Blame it on Worcester.

As unlikely as it seems, the unassuming Massachusetts city is at the heart of the Marc Rich scandal. Two Democratic fundraisers who lobbied President Bill Clinton to pardon the fugitive financier — Denise Eisenberg Rich and Beth Goldman Dozoretz — both grew up there. The New York Times reported Tuesday that the Worcester natives logged 89 visits to the Clinton White House between them, and were there the night Clinton granted the pardon. But that’s not all. One of the most vocal critics of the Marc Rich pardon, Rabbi Eric Yoffie, the president of the Union of American Hebrew Congregations, also grew up in Wormtown. All three come out of Worcester’s vibrant, if small, Jewish community that once numbered about 12,000 and famously included ’60s radical Abbie Hoffman.
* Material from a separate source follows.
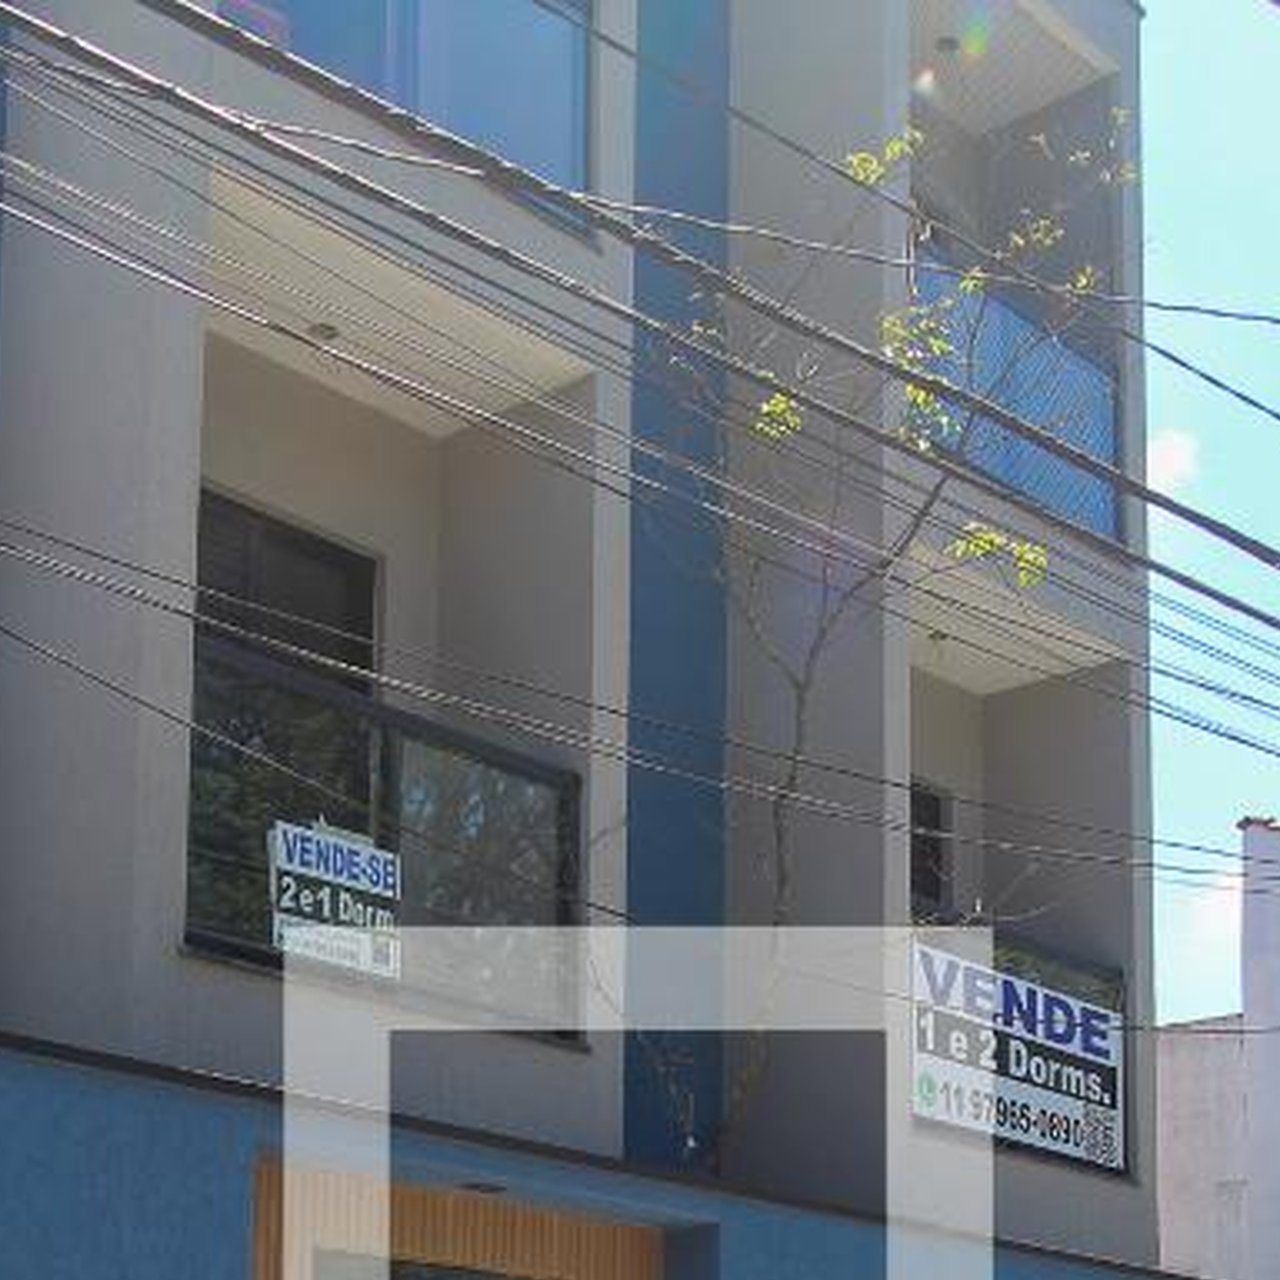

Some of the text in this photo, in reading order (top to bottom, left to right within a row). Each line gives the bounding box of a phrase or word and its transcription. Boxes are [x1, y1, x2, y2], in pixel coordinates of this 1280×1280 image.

[282, 830, 397, 889] VENDE-SE
[918, 949, 1112, 1061] VENDE
[919, 1007, 1112, 1105] 1 e 2 Dorms.
Rich’s parents are Emil Eisenberg and his late wife, Gerry. Mr. Eisenberg, a shoe manufacturer, still lives in Worcester. Dozoretz is the daughter of Melvin Goldman, a dentist, now deceased, and his wife, Sylvia.

“They’re all constituents of mine. They’re all nice families,” says Senator Harriette Chandler, a Democrat from Worcester. Chandler, who may be the only elected official acquainted with Denise Rich not to be asked to lobby for her fugitive ex-husband, says she hasn’t heard much about the pardon issue: “Not a word. Not a call from anyone. I certainly haven’t heard from Mr. Eisenberg, who is a widower.” Chandler did meet Denise Rich in 1999 at the dedication of the Gerry and Emil Eisenberg Assisted Living Residence.

Rabbi Yoffie, who is now the national head of the Reform Movement, caused a stir last month when he lambasted the organized Jewish community for persuading Clinton to pardon Marc Rich in an op-ed piece titled we should be ashamed of ourselves. (As a boy, Rabbi Yoffie attended Worcester’s Temple Emanuel — also the home pulpit of his predecessor in the Reform Movement, Rabbi Alexander Schindler.)

Yoffie told the Phoenix that personal ties had nothing to do with his statement. “[Rich’s] father is somebody who was active in the community and somebody I had met,” Yoffie recalls. “My parents knew the family. It’s not all that big of a community. The friend who’s from Worcester, I didn’t even realize she was from Worcester.”

At the Kaufman family household — the childhood home of Rich — nobody was talking. It looks like Worcester would like to see its 15 minutes of fame — or notoriety — do what Marc Rich did in the early 1980s: disappear.